Kootenai County residents have until July 22 to weigh in on a road study that could steer where future tax-funded road work lands first, from commute bottlenecks to freight access and safety fixes. The review covers the Rathdrum Prairie corridor from Interstate 90 north to State Highway 53 and from the Washington state line east to Government Way, a fast-changing stretch that affects Coeur d’Alene, Hayden, Rathdrum and Post Falls.

The Idaho Transportation Department says the Rathdrum Prairie Area Transportation Study is evaluating transportation alternatives to improve mobility and reduce congestion, guided by public input and analysis. A purpose-and-need memo says the recommendations are meant to improve safety, mobility, system reliability and resiliency for the current and future movement of both people and goods, putting school routes, delivery traffic and daily commuting pressure directly in play.

AI-generated illustration
AI-generated illustration

The process has already been narrowed once. After public feedback and technical review, agencies moved from 54 ideas to 13 options, then recommended four alternatives for the latest stage. ITD hosted in-person and online public meetings to gather stakeholder input, including a June 21, 2024 meeting focused on potential transportation improvements within the Rathdrum Prairie.

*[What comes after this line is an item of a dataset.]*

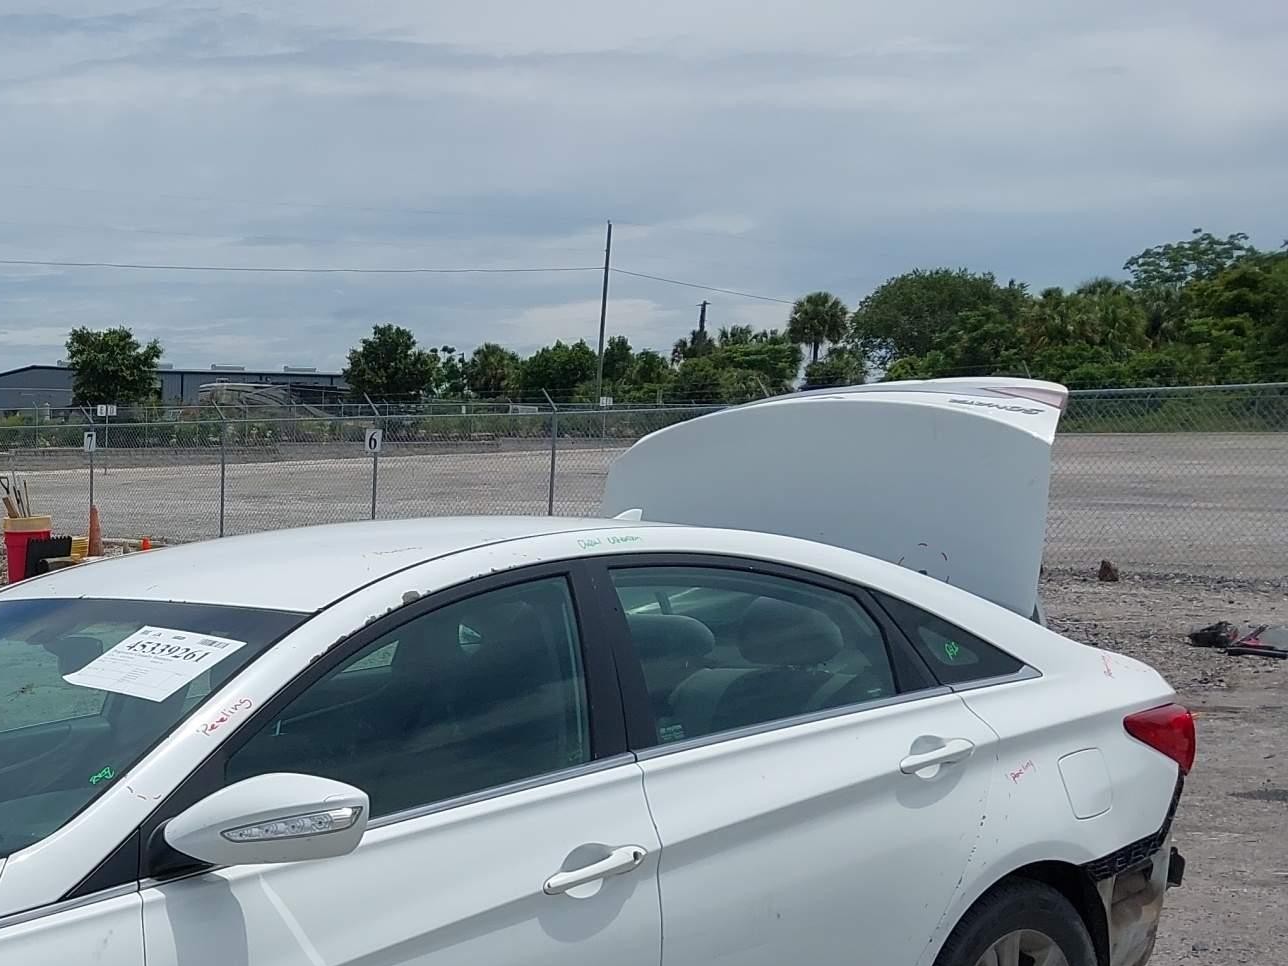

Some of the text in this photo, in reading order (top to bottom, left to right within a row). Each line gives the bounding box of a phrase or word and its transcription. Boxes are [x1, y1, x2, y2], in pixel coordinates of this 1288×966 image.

[87, 434, 93, 450] 7
[368, 431, 378, 450] 6
[127, 640, 212, 663] 45339261

That scope matters because the county’s growth has outpaced some of its roads. A study memo says Kootenai County and the cities of Coeur d’Alene, Hayden, Rathdrum and Post Falls have experienced substantial growth, and the transportation study is aimed at matching that pressure with safer, more reliable routes. The region’s planning schedule is already set against a larger funding framework: KMPO’s 2025-2031 Transportation Improvement Program was adopted Sept. 12, 2024, which means comments submitted now can help influence which projects rise within the next round of priorities.

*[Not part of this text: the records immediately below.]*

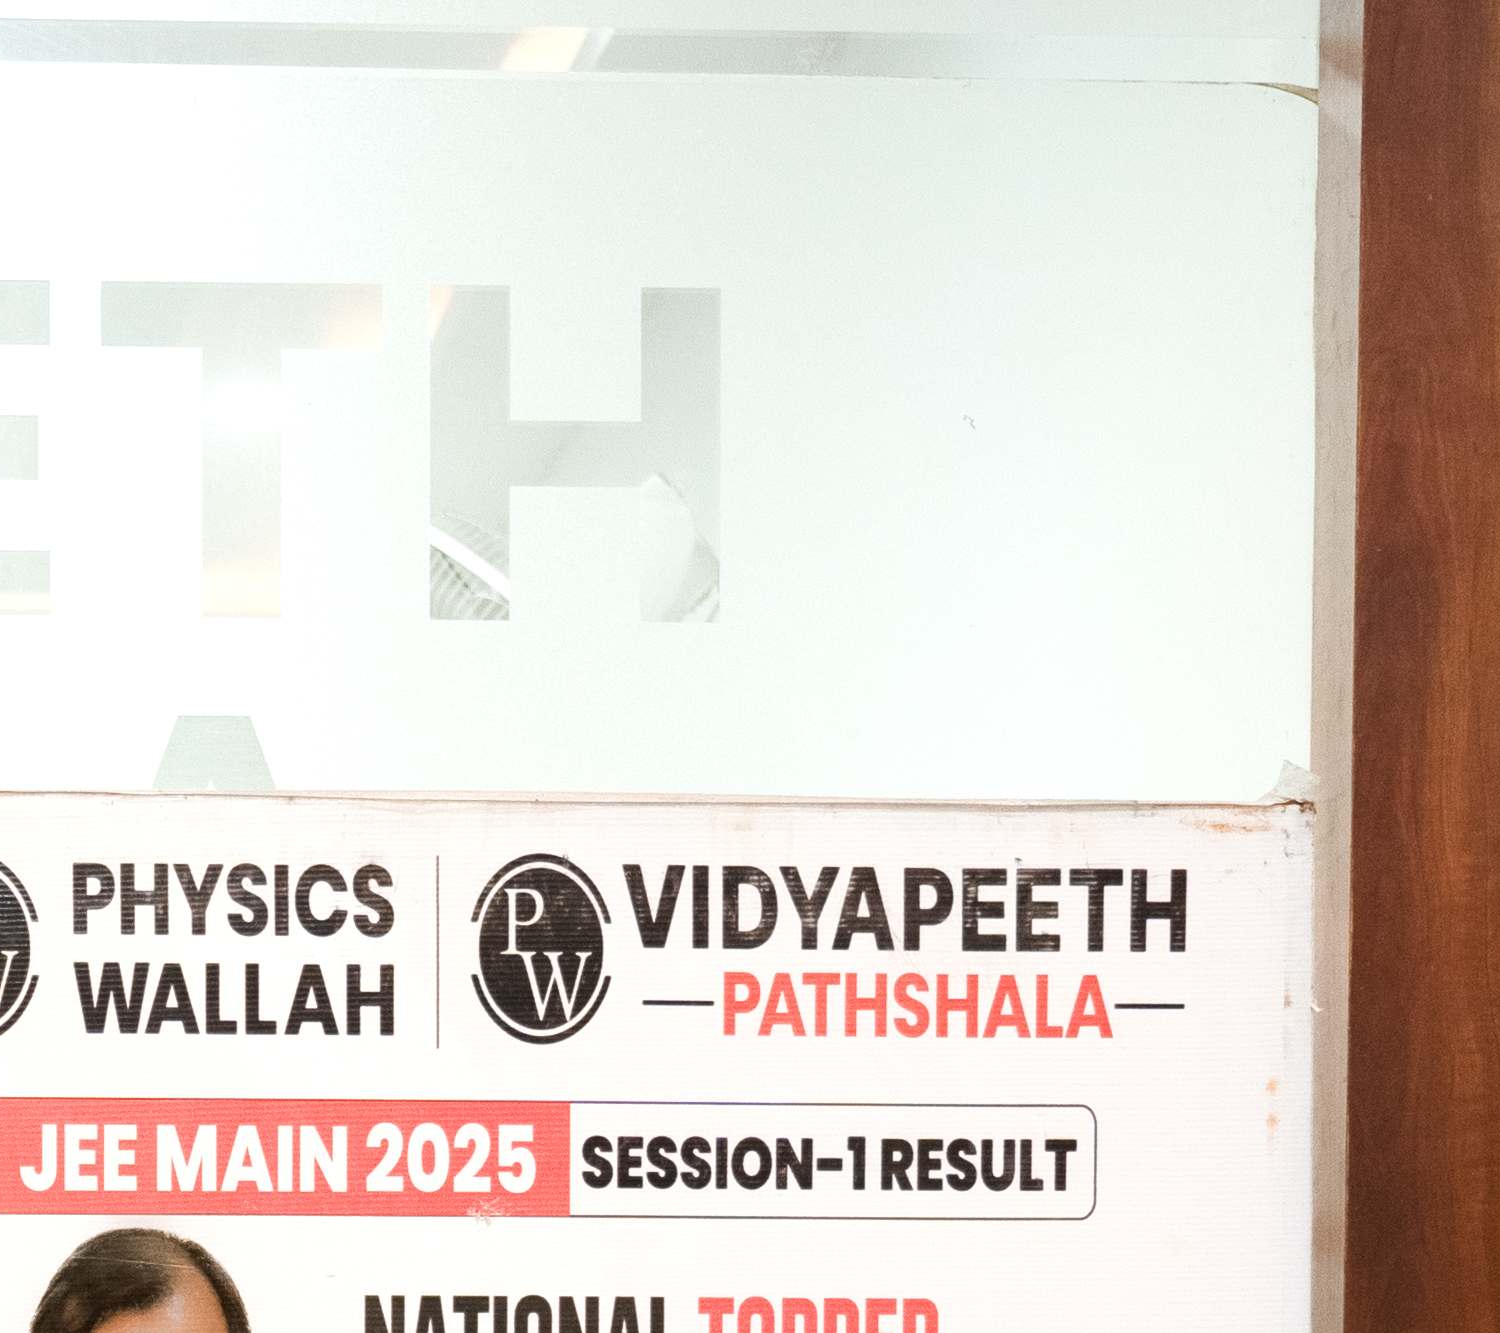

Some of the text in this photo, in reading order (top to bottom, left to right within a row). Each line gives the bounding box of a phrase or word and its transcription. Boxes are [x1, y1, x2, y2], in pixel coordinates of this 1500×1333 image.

[72, 862, 395, 939] PHYSICS
[621, 863, 1188, 953] VIDYAPEETH
[72, 961, 395, 1037] WALLAH
[723, 971, 1114, 1039] PATHSHALA
[19, 1123, 138, 1192] JEE
[156, 1123, 348, 1193] MAIN
[365, 1121, 537, 1194] 2025
[880, 1137, 1078, 1192] RESULT

The politics of road funding have also been visible locally. Voters rejected a proposed $50 vehicle registration fee that was intended to improve traffic flow and congestion, leaving planners to balance worsening road conditions against limited funding and rising demand. For neighborhoods dealing with backups, unsafe intersections or corridors carrying more traffic than they were built for, missing the July 22 deadline means one less chance to put those problems on the record before the next phase of transportation decisions is set.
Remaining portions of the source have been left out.